Canada's laws apply online

Canada's government declares in a new report that no "massive legislative intervention" is needed when applying the country's existing laws to the Net.

CNET News staff
3 min read
Canada's government has declared in a new report that no "massive legislative intervention" is needed when applying the country's existing laws to the Net, but that doesn't mean Canadian citizens and service providers are safe from prosecution for online crimes.

On the contrary, Canada's report concludes that most of the provisions in its laws concerning obscenity, child pornography, hate speech, and trademark infringement automatically apply to the Net. This conclusion puts the country's online billboard, chat, and Web site operators in the hot seat concerning liability issues, a pattern some U.S. civil liberties groups say is dangerous for everyone who uses the global medium.

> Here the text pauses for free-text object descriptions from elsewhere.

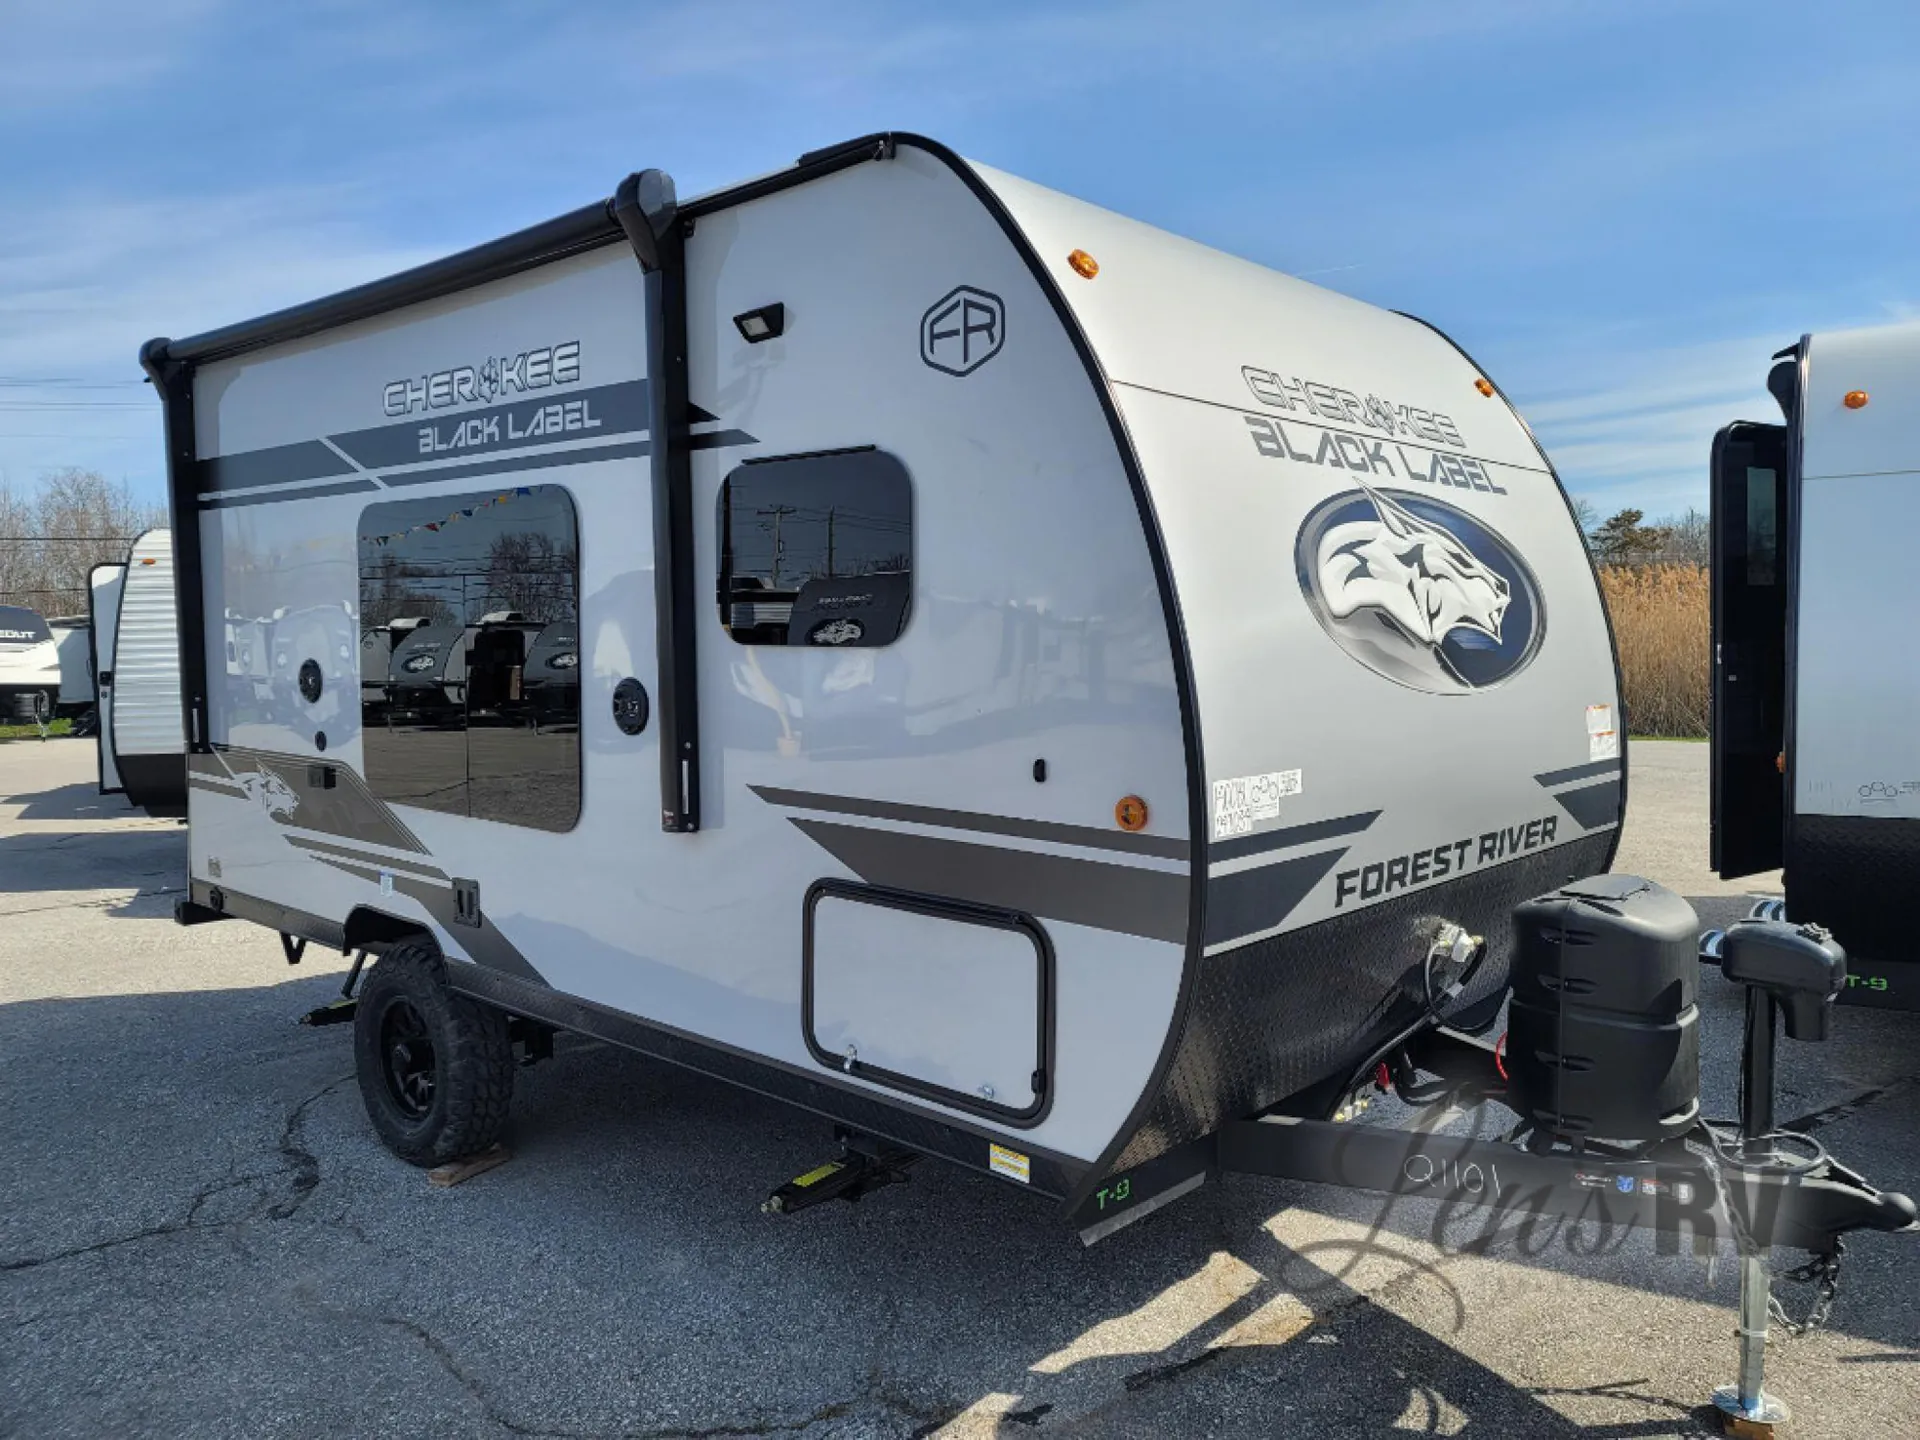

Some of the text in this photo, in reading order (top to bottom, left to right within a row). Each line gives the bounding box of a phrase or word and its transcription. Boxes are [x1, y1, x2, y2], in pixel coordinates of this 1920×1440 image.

[418, 399, 602, 454] BLACK LABEL
[1243, 415, 1508, 496] BLACK LABEL
[1334, 815, 1558, 909] FOREST RIVER
[1845, 974, 1888, 991] T-9
[1096, 1178, 1130, 1211] T-9

The Internet Content-Related Liability Study was commissioned by Industry Canada , the government's key department in charge of national economic issues. The department's main function is to provide policy advice, industry sector information, and business services.

According to a study released last month by Nielsen Media Research and CommerceNet, 23 percent of all persons over 16 years of age in the United States and Canada have used the Internet during the past month and still have access today. A previous study in fall 1995 showed that only 10 percent had used the Internet during the three months prior to the survey.

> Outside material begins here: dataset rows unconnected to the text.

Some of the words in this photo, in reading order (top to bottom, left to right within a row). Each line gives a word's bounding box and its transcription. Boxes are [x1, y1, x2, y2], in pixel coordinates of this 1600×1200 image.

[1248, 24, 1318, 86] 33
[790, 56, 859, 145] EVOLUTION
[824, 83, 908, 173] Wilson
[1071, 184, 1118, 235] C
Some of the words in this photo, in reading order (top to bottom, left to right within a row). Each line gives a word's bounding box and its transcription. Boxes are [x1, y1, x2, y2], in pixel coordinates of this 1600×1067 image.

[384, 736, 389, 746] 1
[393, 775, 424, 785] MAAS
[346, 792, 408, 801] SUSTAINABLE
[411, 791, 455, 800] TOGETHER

Like legislatures in the United States and elsewhere, Canada is also grappling with issues such as whether to prosecute parties who may "unknowingly" commit or assist criminal acts on the Net. Many Internet service providers, for example, often don't know when customers send hate email or obscene messages.

"In the situations examined under the Canadian legal system, we have found that the most difficult cases are not those of direct infringement (of privacy, intellectual property, criminal code, and so on) but those of indirect infringement," the report states.

One finding of the study says the operator of a bulletin board, Web site, newsgroup, mailing list, or online service could be held liable for publication or distribution of obscene material, especially if the outlet is moderated. The moderator could also be held liable. An obscene publication is defined as "any publication whose dominant characteristic is the undue exploitation of sex, or of sex together with crime, horror, cruelty, or violence. Whether a publication's dominant theme is the undue exploitation of sex is determined by reference to a 'community standards test' within the context of the work as a whole."

American civil rights groups say although U.S. citizens couldn't be prosecuted under Canada's laws, the implications could still be chilling.

"It is possible that some prosecutors in this country could say, 'I wonder if we could find enough similarities in the United States to apply the same liabilities,'" said Stanton McCandlish, director of the Electronic Frontier Foundation. "Whose morality wins in an online global marketplace? Canadian ISPs need to push for changes in these laws for [the sake of] everyone online."

The Canadian report's authors admit, however, that prosecuting online crimes is a new ball game.

"The volatile nature of the many activities conducted on the Internet, coupled with the possibility for participants to remain anonymous and the international aspect of most Internet 'transactions,' make it very difficult to detect illegal activities and to enforce existing laws," the report states. "In our opinion, these enforcement difficulties in themselves do not create a need for the amendment of existing national laws."

It goes on to say: "On the Internet, for a given factual situation, different standards may apply, such as different burden of proof standards between civil and criminal law, different community standards between different parts of the country for certain obscenity-related situations, different legal standards between civil and common law."

A similar argument was made by lawyers fighting the U.S. federal law, the Communications Decency Act, before the Supreme Court last month. The American Library Association and the American Civil Liberties Union say existing laws, especially if they infringe on free speech, should not be automatically applied to the Net.